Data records
-=-=-
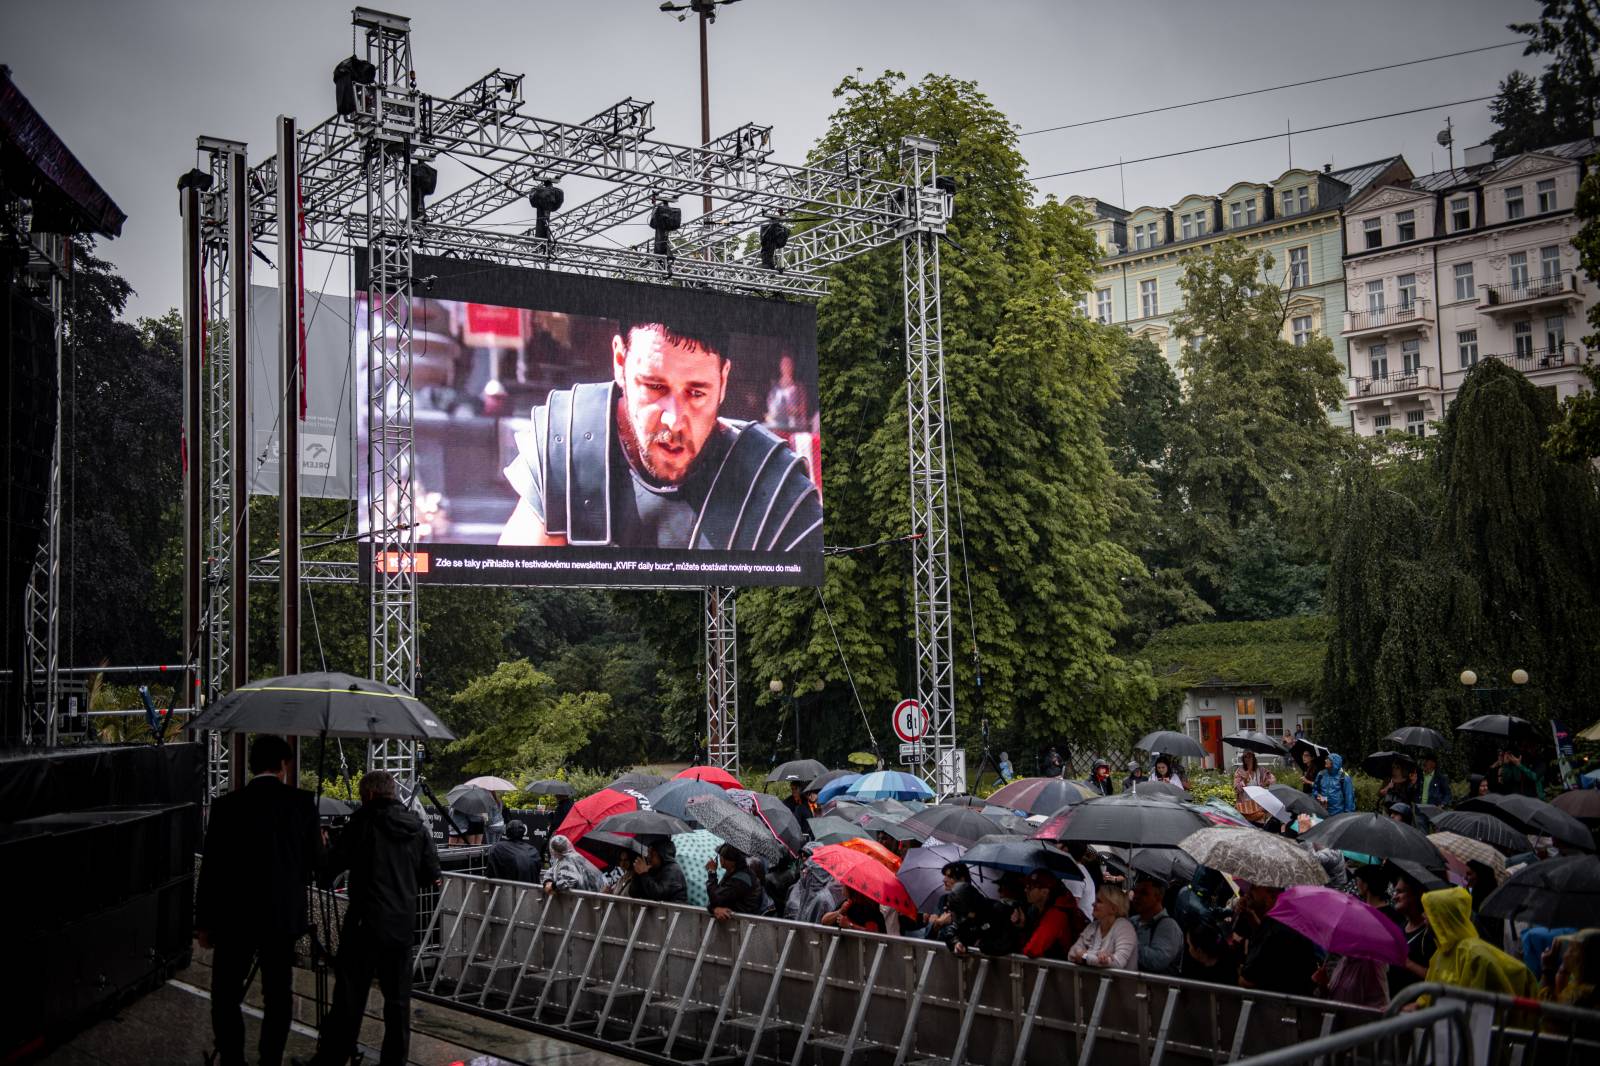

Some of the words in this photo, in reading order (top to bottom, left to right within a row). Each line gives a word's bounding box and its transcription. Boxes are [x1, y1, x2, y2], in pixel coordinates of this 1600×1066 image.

[435, 558, 452, 568] Zde
[453, 559, 463, 568] se
[464, 558, 481, 569] taky
[521, 559, 570, 569] festivalovému
[571, 560, 612, 570] newsletteru
[638, 561, 654, 572] daily
[675, 561, 699, 571] můžete
[700, 562, 728, 572] dostávat
[729, 562, 753, 574] novinky
[753, 563, 775, 573] rovnou
[775, 563, 784, 573] do
[785, 563, 801, 573] mailu
-=-=-
§ **WORK ORDER**
Without including any picture, print every record exactly as written above.

§ **WRITTEN RESPONSE**
Some of the words in this photo, in reading order (top to bottom, left to right within a row). Each line gives a word's bounding box and its transcription. Boxes are [x1, y1, x2, y2], in pixel coordinates of this 1600×1066 image.

[435, 558, 452, 568] Zde
[453, 559, 463, 568] se
[464, 558, 481, 569] taky
[521, 559, 570, 569] festivalovému
[571, 560, 612, 570] newsletteru
[638, 561, 654, 572] daily
[675, 561, 699, 571] můžete
[700, 562, 728, 572] dostávat
[729, 562, 753, 574] novinky
[753, 563, 775, 573] rovnou
[775, 563, 784, 573] do
[785, 563, 801, 573] mailu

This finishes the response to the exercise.